Monday, April 25, 2011
Today
I actually slept some last night with the help of a pain pill. My stomach went down some more, because all i do is pee all night. The good news is that i cancelled the draining of my abdomen. For some reason whenever i have iv fluids, my stomach swells. That happened with the chemo and it took 3 days to go down. So I am running to the dr office so they can look at the knot where the iv iron went in and then I am going to my house. I feel weird still but not as bad as yesterday. I am achey and sore, I am a little out of it, my focus is better. My energy is up and down. I can get up and do something and then I have to sit or lay down. I ate some breakfast. I could hardly eat yesterday. I am sipping smart water and my little dog was at my feet. Granny just took him walking so I am contemplating a shower. That takes energy. I have a little stool I sit on.

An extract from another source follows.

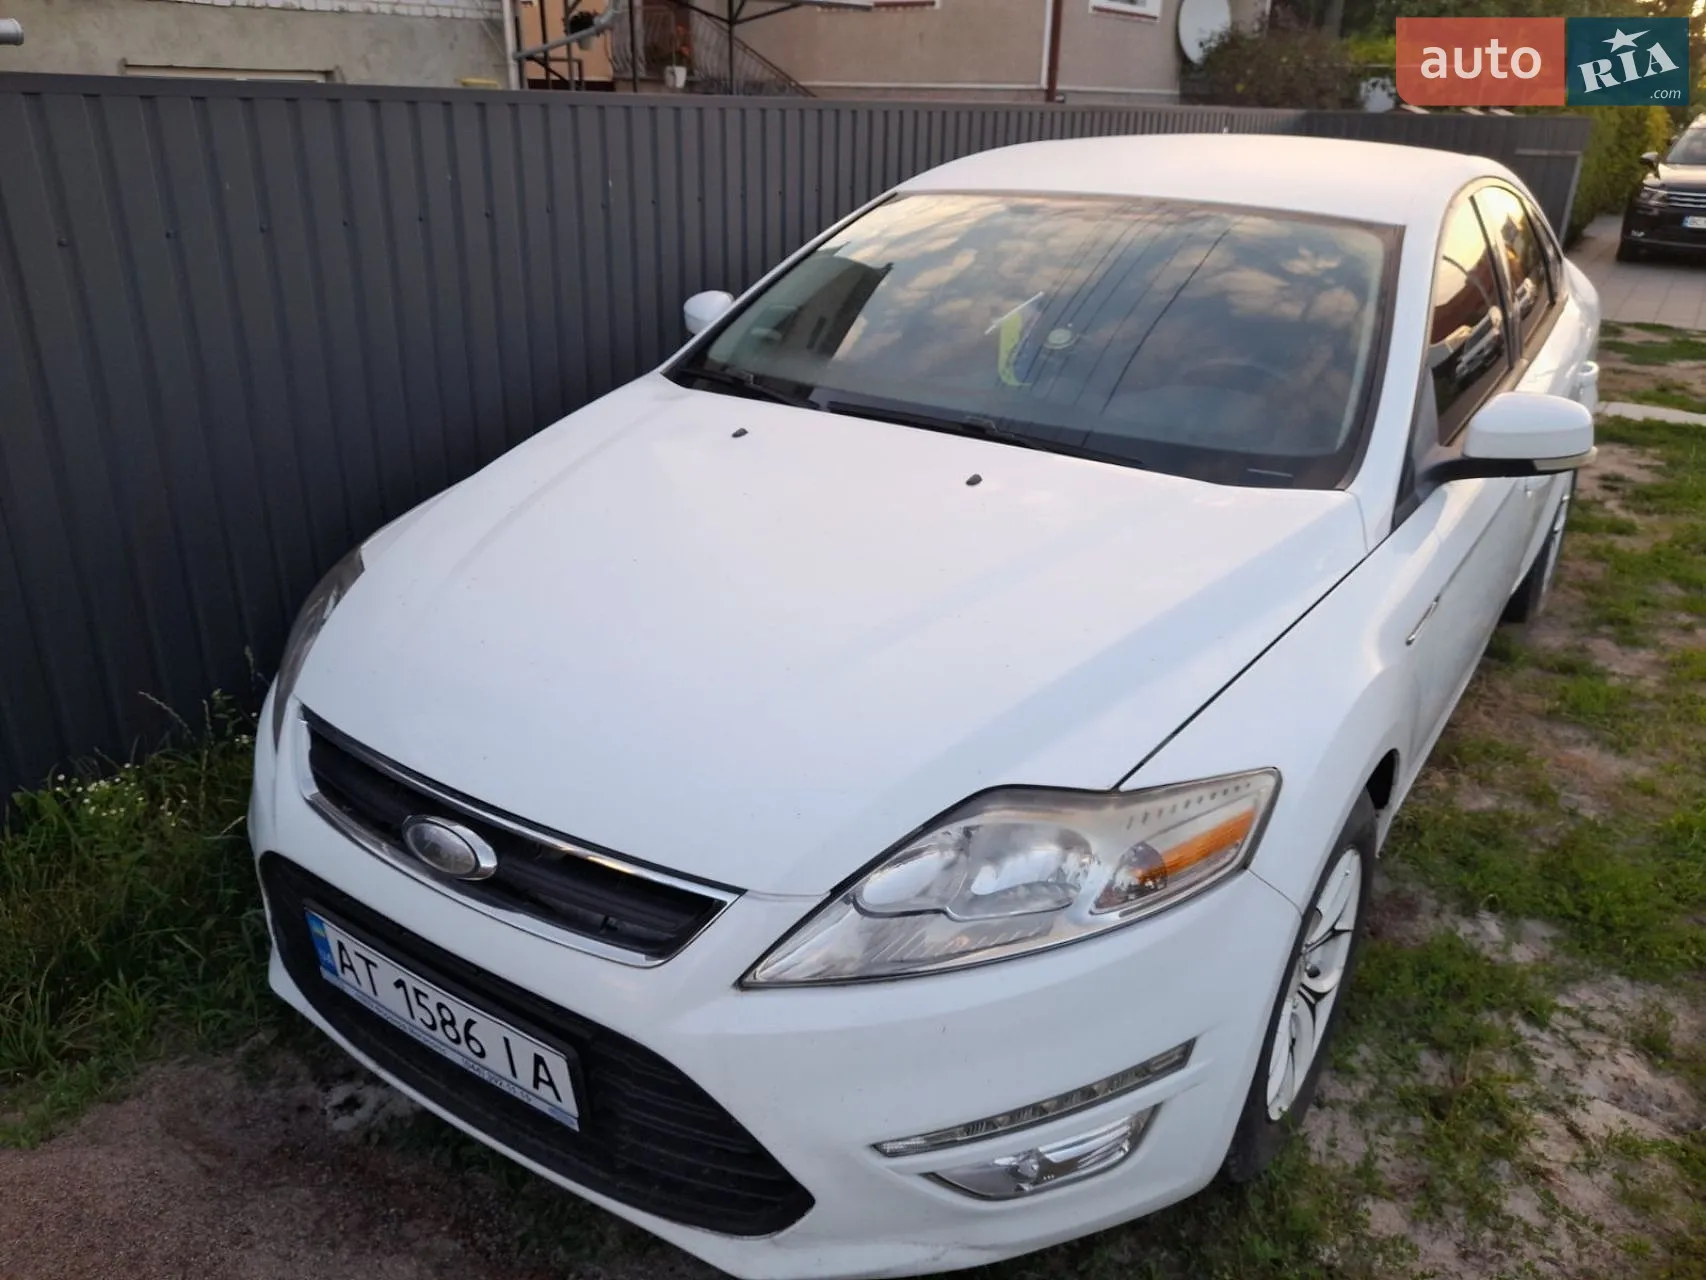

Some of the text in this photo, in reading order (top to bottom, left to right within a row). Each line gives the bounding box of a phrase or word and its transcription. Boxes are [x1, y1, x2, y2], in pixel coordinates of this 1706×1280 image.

[336, 939, 378, 997] AT
[393, 978, 486, 1060] 1586
[503, 1036, 562, 1103] IA

Sometimes I just sit and let the water run over my head. It feels so good. The thought of getting up to go in the bathroom is exhausting. I might just lie here. The fan is on and I am lying on my back enjoying the breeze on my face and legs. I have my iPad on a pillow on my stomach. I like to lie on the bed like this and blog. Sitting upright at the computer is ok for a bit but this is better. I never even wanted an iPad, I thought they were stupid but now, it is all I use. I never answer my phone. It usually is dead in my purse. Call me at moms or on my land line. I never answer texts. I always hated them. I continue to dislike them so if you want to reach me, email or call. I like this freedom of ignoring everything. Work always had me hopping. Now I can just ignore.... How freeing.